Paul, the Russian tsar, was deeply offended by the capture of Malta, for he had a romantic predilection for the order of St. John, of which he constituted himself the protector. The eastward advance of the French seemed to threaten the spread of republicanism to his dominions and the revival of trouble in Poland. Encouraged by Nelson's victory, he incited the Porte to declare war on France, sent ships to act with the British and Portuguese squadrons in the Mediterranean, and formed a defensive alliance with the Turks to which England acceded.[290] He tried in vain to induce the courts of Berlin and Vienna to combine against France, and appears to have made a secret treaty with Austria concerning the passage of troops, for some 60,000 Russians were soon marching towards the Danube.[291] Pitt eagerly took advantage of the tsar's disposition. Grenville promised a subsidy if the tsar would enter on the war as a principal,[292] and on November 16 bade Sir Charles Whitworth, the British ambassador at St. Petersburg, propose a coalition between England, Russia, Austria, and Prussia to support Naples, re-establish Austria in Italy, drive the French from Holland, the Belgian Netherlands, Switzerland, and Savoy, and join the Netherlands to Holland to form a strong barrier state.[293] Frederick William III., who succeeded his father in 1797, would not be moved from his neutrality. Russia was only waiting for the arrangement of a subsidy. With Austria there were difficulties. The emperor, disgusted with the greediness of France, was fully determined on war, but wanted a loan of £2,000,000. As England had lost by former transactions with Austria, Pitt would make no further promise until existing obligations had been fulfilled.[294] Besides, the imperial minister Thugut was anxious for delay; he hoped that the directory would be crushed by its own difficulties, and in any case was unwilling to move without the co-operation of Prussia, or before Russia could enter on the campaign. He had formed a defensive alliance between Austria and the Two Sicilies, or Naples, on May 19, but declared that Austria would only support Naples if France was the aggressor, and would give no help if Naples began the war.[295]

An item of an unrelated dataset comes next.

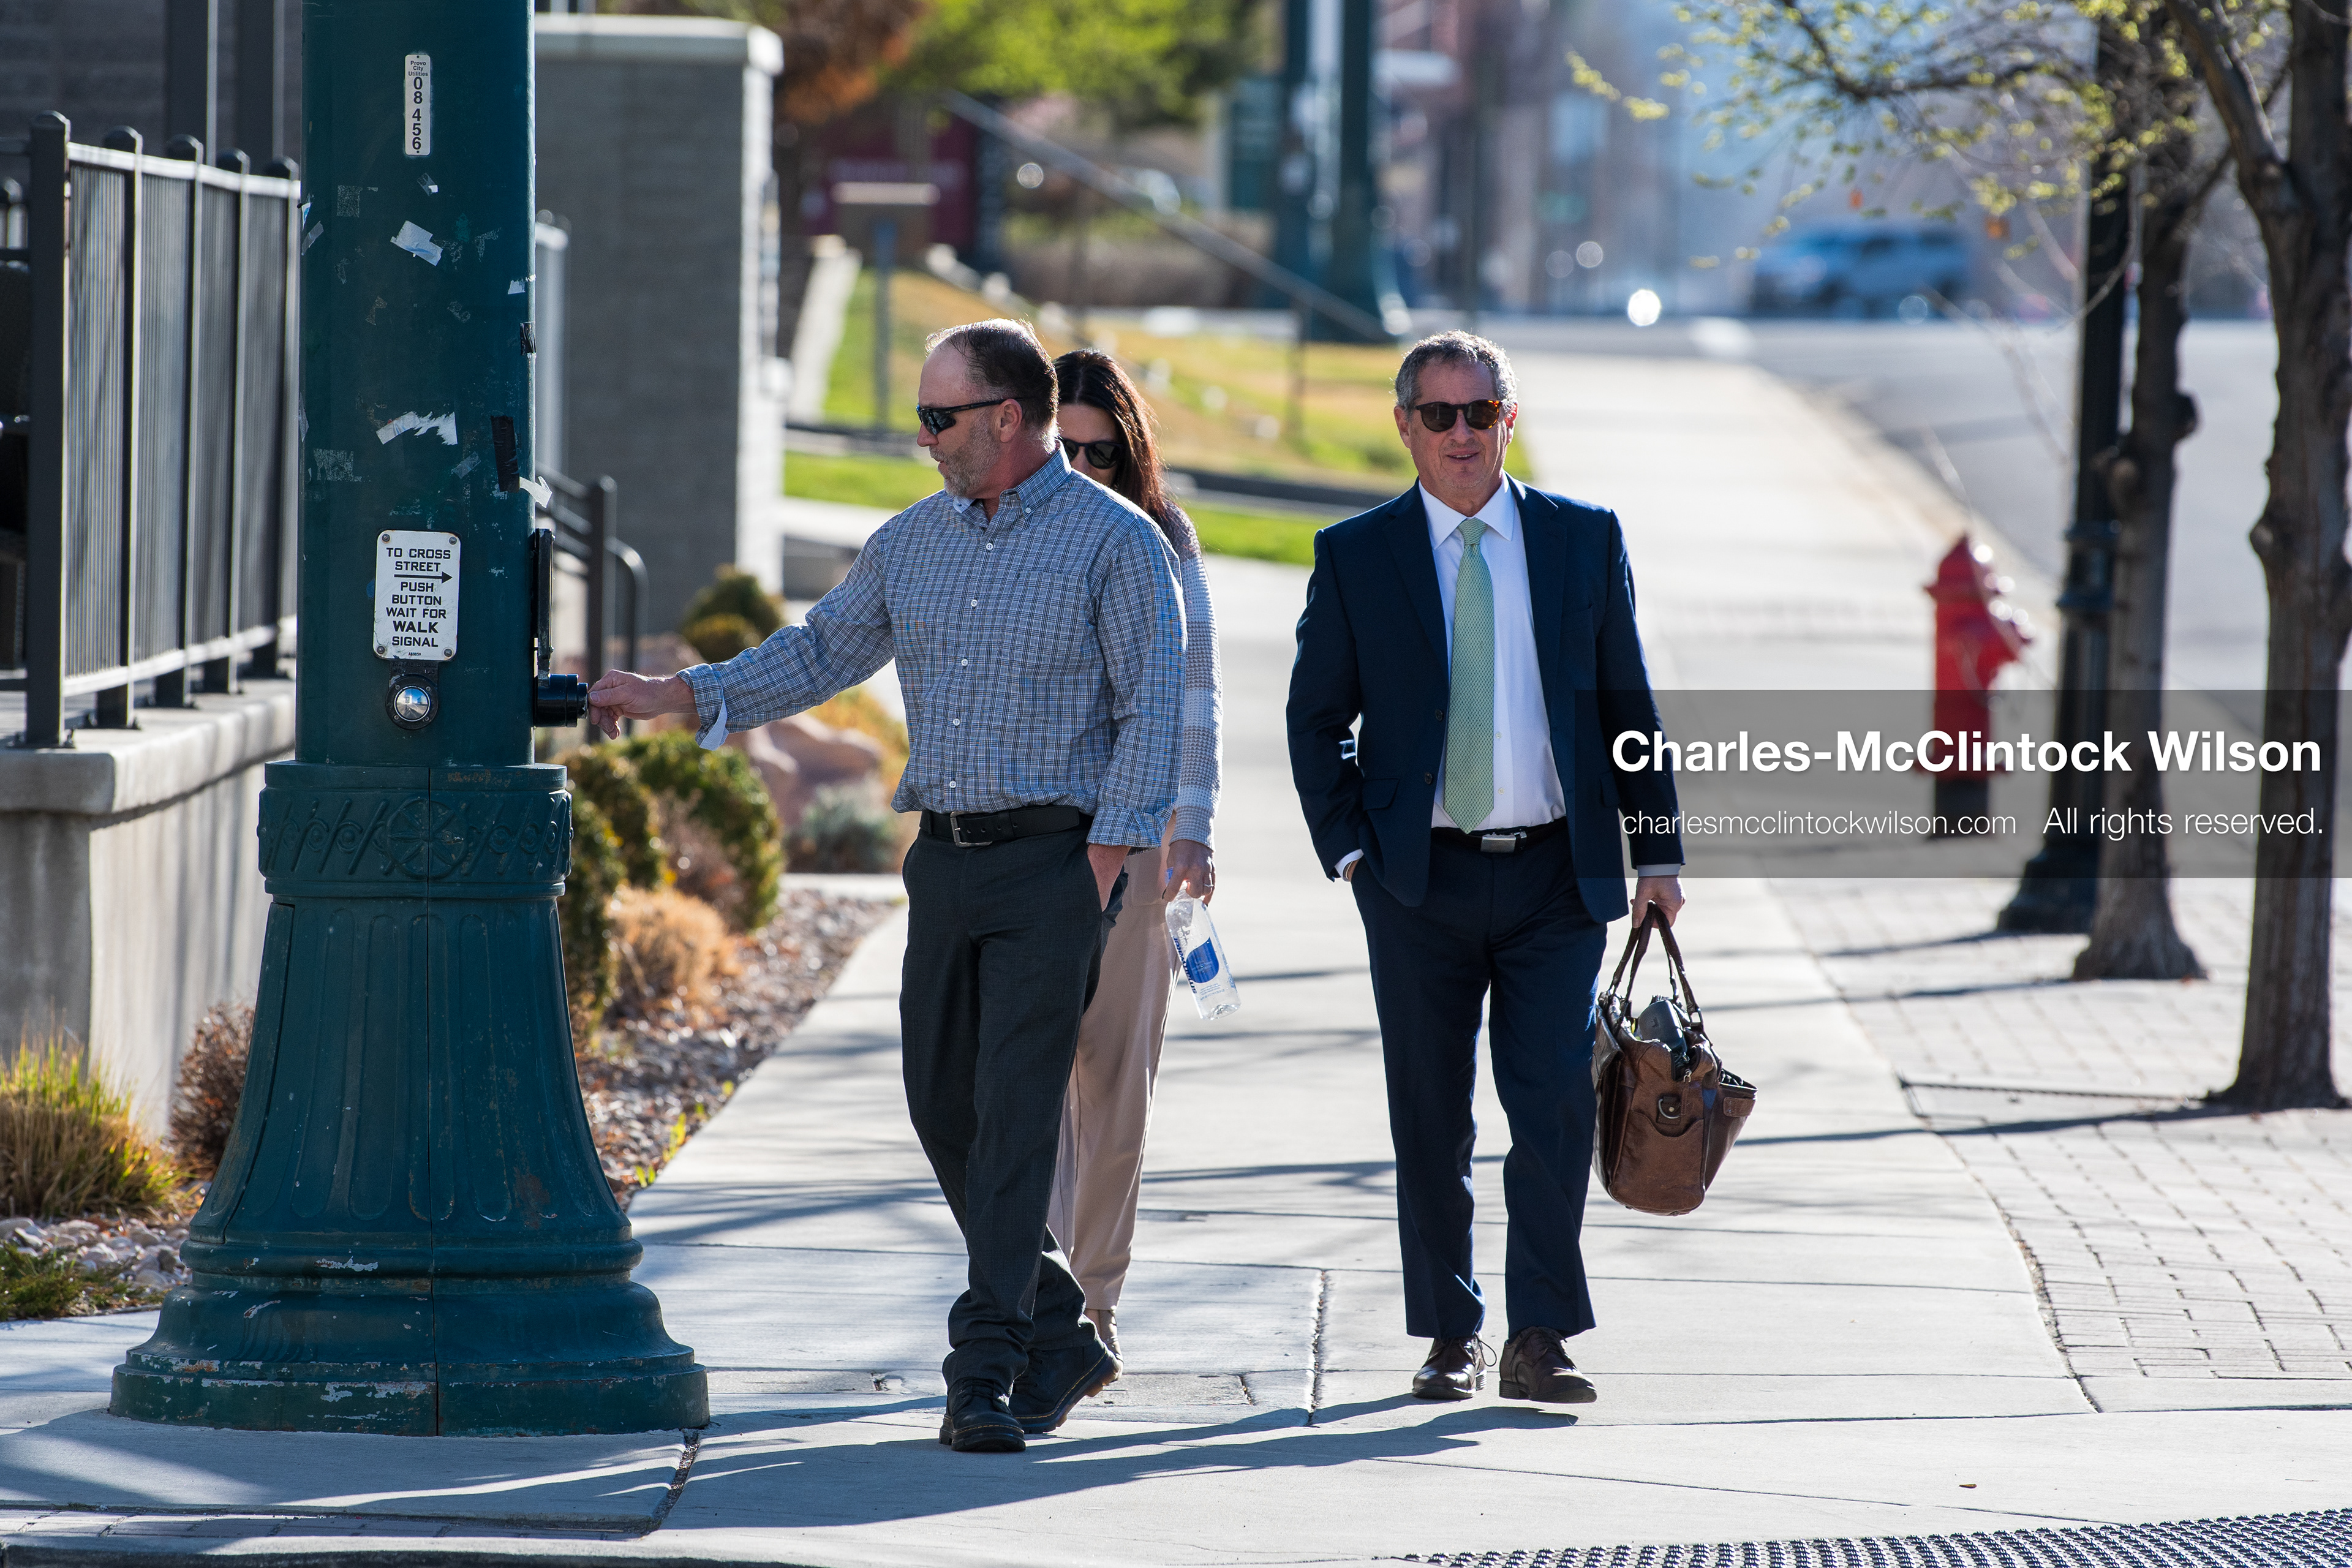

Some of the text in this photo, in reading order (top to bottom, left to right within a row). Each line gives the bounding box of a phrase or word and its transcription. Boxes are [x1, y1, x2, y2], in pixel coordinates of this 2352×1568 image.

His plans were disconcerted by the action of Ferdinand IV. of Naples. After the battle of the Nile the British fleet in the Mediterranean was broken up and employed in different directions. Nelson himself sailed to Naples, was received as its deliverer, and was ensnared by the charms of Emma, the wife of Sir William Hamilton, the British minister. She was a woman of low birth, and in her youth had entered on an immoral life. Though grown stout she was still beautiful, and her considerable natural talents had been improved by Charles Greville, under whose protection she had lived. He passed her over to Hamilton, who married her in 1791. Queen Maria Caroline made a favourite of her, and used her for political ends, for the queen was anxious for British help against the French and the Neapolitan republicans. Under court and female influences, Nelson, who had been ordered to protect Naples, came to consider its fortunes as of the first importance. The queen, far bolder and more energetic than her husband, was bent on war. Mack, the Austrian strategist, took command of the army, and by Nelson's advice Ferdinand declared war on France. Nelson assisted the operations by carrying troops to Leghorn. Ferdinand entered Rome in triumph on November 29. His triumph was short-lived; the Neapolitans were routed by the French, and Naples was threatened. On December 23 the king and queen and their court took refuge on board Nelson's ship, the Vanguard, and her companions, and Nelson conveyed them to Palermo and remained with them there. The French occupied Naples and the Parthenopean republic was established on the mainland of the Two Sicilies. Among other operations in the Mediterranean a small British force took Minorca from the Spaniards in November without the loss of a man, and British and Portuguese ships blockaded Valetta and compelled the surrender of Gozo. In order to avoid offending the tsar, or exciting the jealousy of the Austrian or Neapolitan courts, England renounced all desire for conquest either as regards Malta, where she proposed that the knights should be re-established, or the Adriatic, where Turkish and Russian ships were attacking the French in the former possessions of Venice.[296]
THE SECOND COALITION.
The ill-advised action of Ferdinand of Naples, for which Nelson was largely responsible, caused some embarrassment to the English government, and Grenville anxiously assured Thugut that England was not responsible for it.[297] At the same time it hastened the formation of the second coalition. A treaty of close alliance with Naples was signed by Russia on November 29, and another by the Porte on December 23, to which Great Britain acceded on January 2.[298] England further made a treaty with Russia on December 29 by which the tsar agreed to furnish 45,000 men to act against France in co-operation with Prussia, and England promised a subsidy of £225,000 for initial expenses and £75,000 a month afterwards. Thomas Grenville was sent to Berlin to act with Count Panin in persuading Frederick William to join the coalition. The king refused; the treaty with Russia was modified by a mutual agreement that the Russian troops should be employed as seemed most advantageous to both powers, and the English government suggested that they should act with the Austrians in Switzerland.[299] Austria was soon forced to abandon her temporising policy. A corps of 25,000 Russians was encamped on the Danube. France demanded their expulsion from Austrian territory, and that, as Thugut said, meant war.[300] On February 28 Jourdan crossed the Rhine with 40,000 men. The second coalition of which England was the soul was a direct result of the battle of the Nile.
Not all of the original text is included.